Mientras moría pudo ver apenas, en los bordes de su visión cada vez menos nítida, el rostro pálido, con los ojos muy abiertos y la boca en un grito mudo, de su hijo. De alguna manera, Franz el Rojo encontró el aliento para emitir una sola palabra, lanzada al mundo con su última y explosiva exhalación.
– Verräter…
Traidores.
Lunes 15 de agosto de 2005, tres días antes del primer asesinato
List, isla de Sylt, 200 kilómetros al noroeste de Hamburgo
Quería conservar ese momento.
Sus sentidos se extendieron hasta el último rincón de la tierra, el mar y el cielo que lo rodeaban. Se quedó de pie, descalzo, y sintió la textura de la arena seca que escoriaba las plantas de sus pies y se le colaba entre los dedos. Sintió que ese lugar, ese momento, era todo lo que podía recordar de sí mismo. Aquí, pensó, no había pasado ni futuro, tan sólo este momento perfecto. Sylt se extendía larga, estrecha y llana en el Mar del Norte, sin presentar ningún perfil que dificultara el empuje del viento veloz que corría por el vasto cielo, en busca del flanco más sustancioso de Dinamarca. Mientras él seguía allí de pie, el viento protestó por su presencia tironeando con furia de la tela de sus pantalones, golpeando los faldones sueltos y el cuello de su camisa y haciendo flamear el ala rota de pelo rubio que colgaba por encima de su frente. Le restregó la cara y le apretó las arrugas de la piel mientras él seguía observando el correteo de las nubes a través de ese escudo inmenso y azul pálido del cielo.
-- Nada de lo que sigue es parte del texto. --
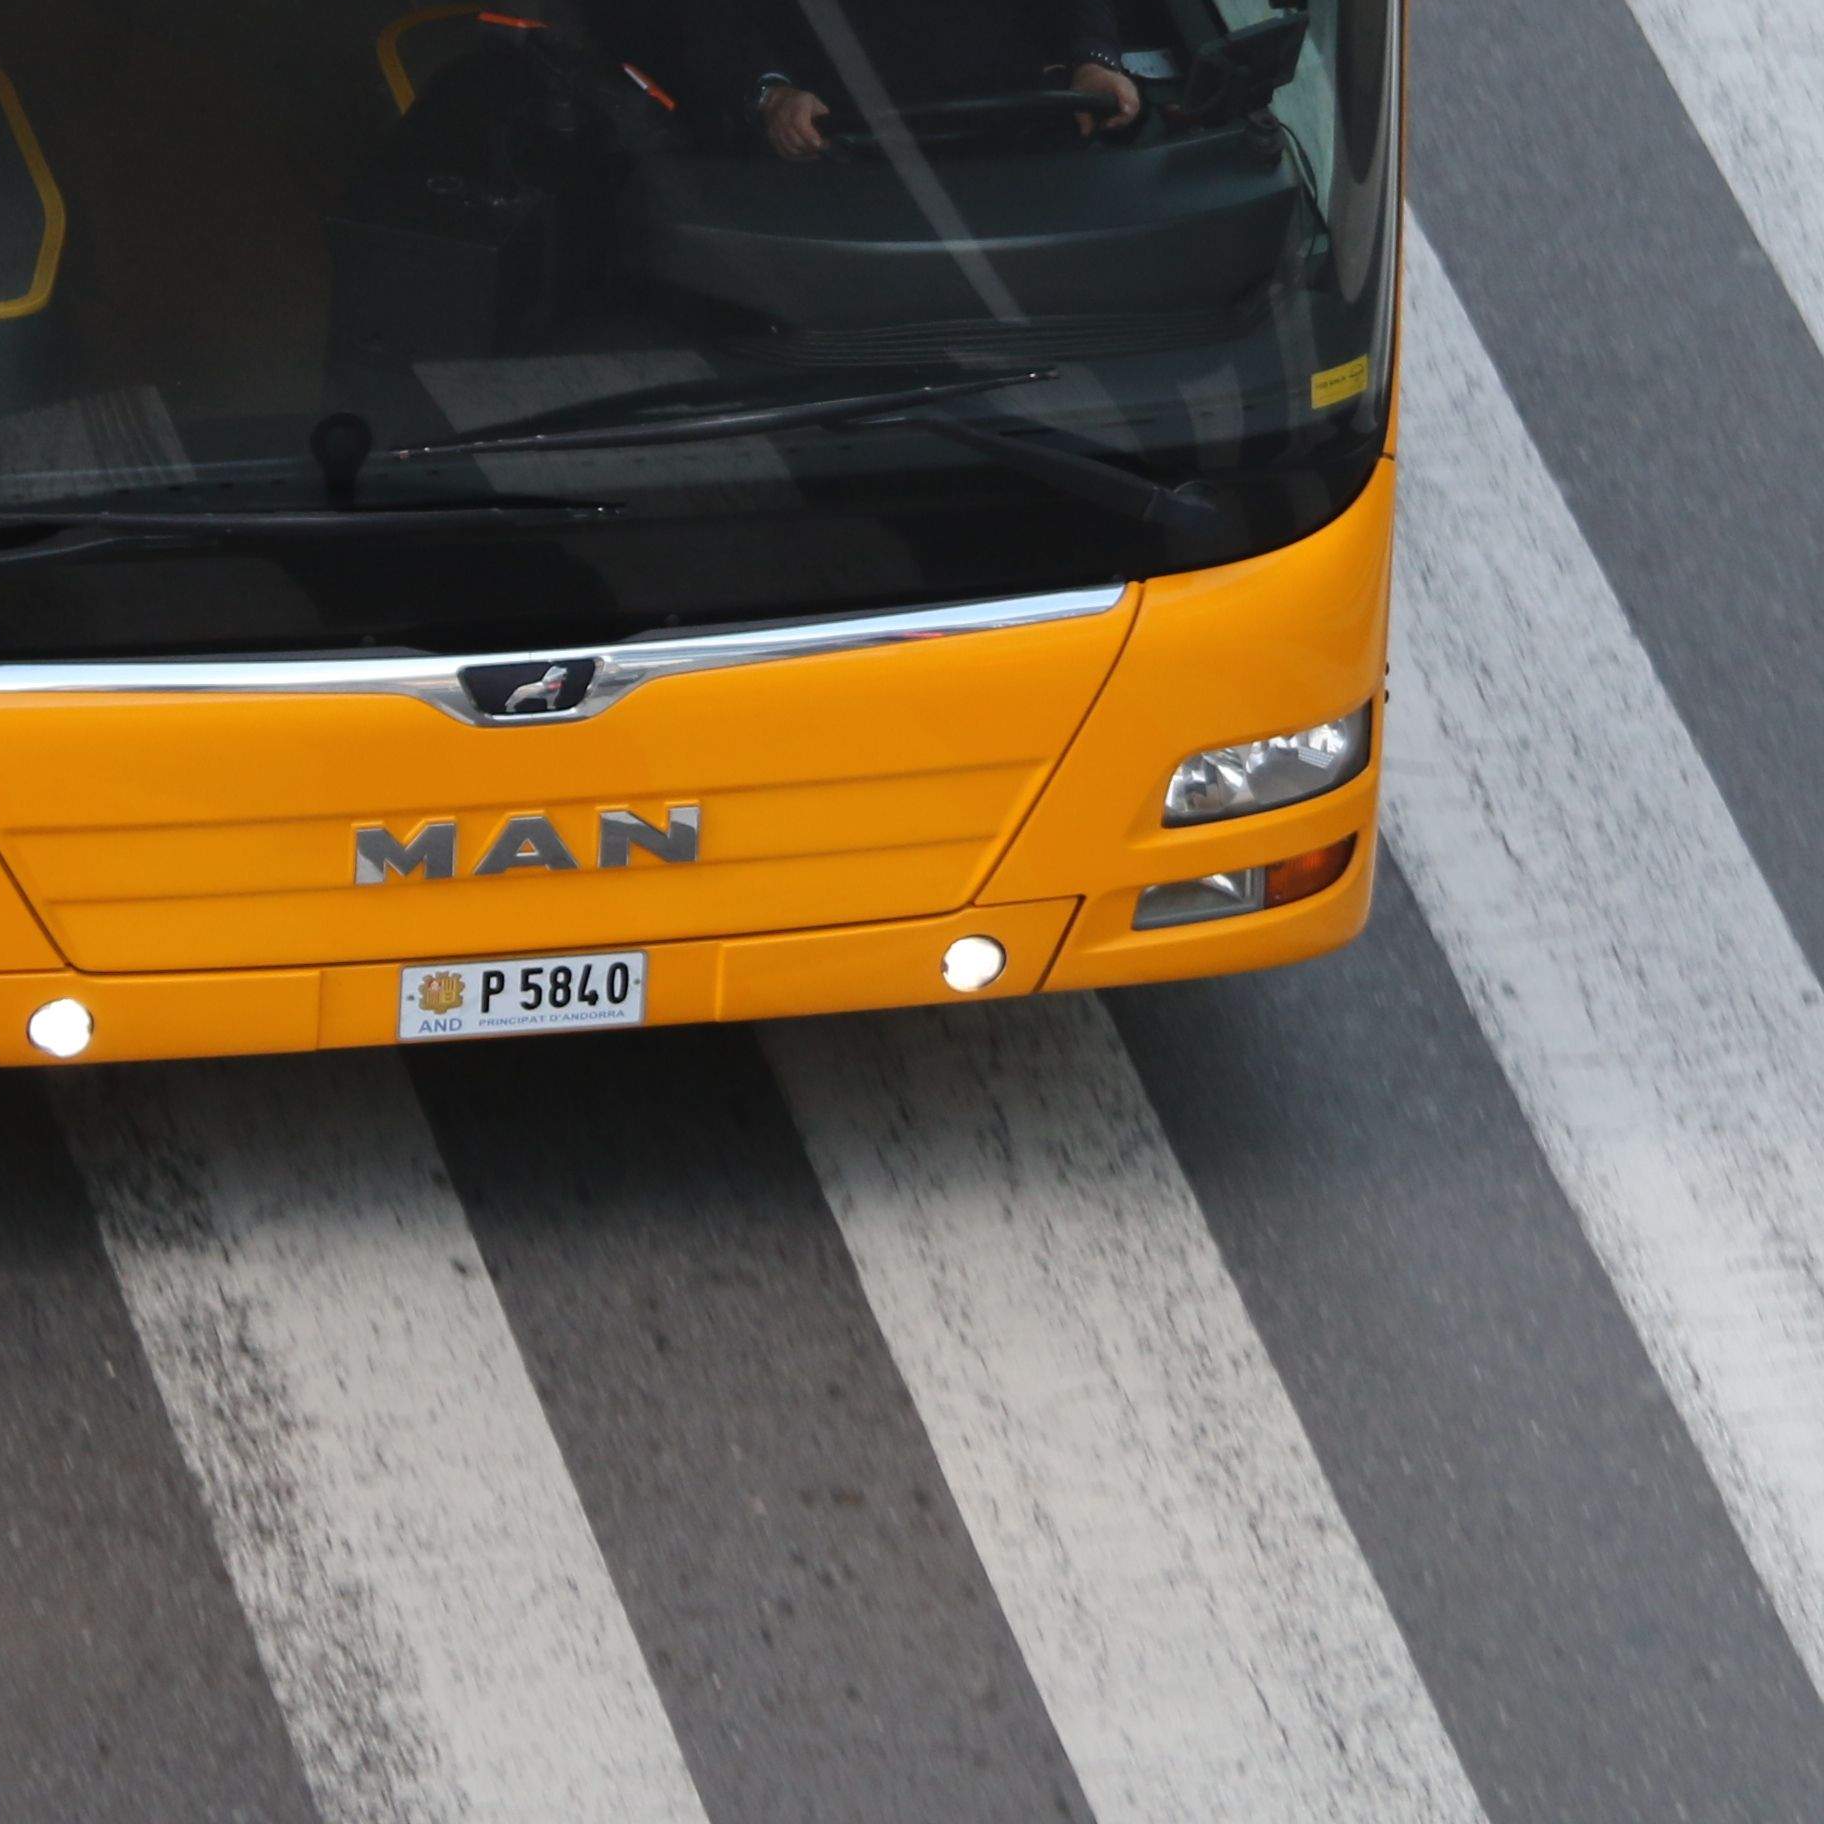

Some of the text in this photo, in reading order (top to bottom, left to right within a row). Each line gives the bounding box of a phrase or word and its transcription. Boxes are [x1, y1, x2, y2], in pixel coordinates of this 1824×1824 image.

Jan Fabel era un hombre de una altura un poco superior al promedio y tenía alrededor de cuarenta años, pero un aspecto un tanto juvenil se aferraba como un desterrado desobediente a su apariencia, a su complexión delgada y angulosa y a su pelo rubio y flameante. Sus ojos eran azul pálido y brillaban con inteligencia e ingenio, pero en ese momento estaban reducidos a estrechas ranuras entre los pliegues de la cara arrugada que presentaba al iracundo viento. Su rostro estaba bronceado y sin afeitar, y así como ese persistente aire juvenil de su postura insinuaba cómo había sido el joven que lo había precedido, el brillo plateado que resplandecía en el oro de su barba de tres días anticipaba al hombre más viejo que estaba por llegar.
Una mujer se acercó desde las dunas que estaban a su espalda; era tan alta como él, e iba vestida con camisa y pantalones de lino blanco. Sus pies estaban descalzos, pero llevaba un par de sandalias negras de tacón bajo en la mano. El viento también se arremolinó alrededor de ella, planchando y alisando el lino blanco contra las curvas de su cuerpo y convirtiendo en cables salvajes su pelo largo y negro. Fabel no vio a Susanne acercarse y ella se detuvo detrás de él, dejó caer las sandalias en la arena y le rodeó el cuerpo con los brazos, metiéndoselos entre los suyos. El se volvió y la besó durante un largo rato, antes de que ambos giraran para enfrentarse al mar. -Estaba pensando -dijo él por fin- que casi podrías olvidar quién eres, aquí parado. -Miró sus pies desnudos y empujó la arena con un dedo-. Ha sido maravilloso. Me alegro tanto de que vinieras conmigo… Sólo querría que no tuviéramos que marcharnos mañana.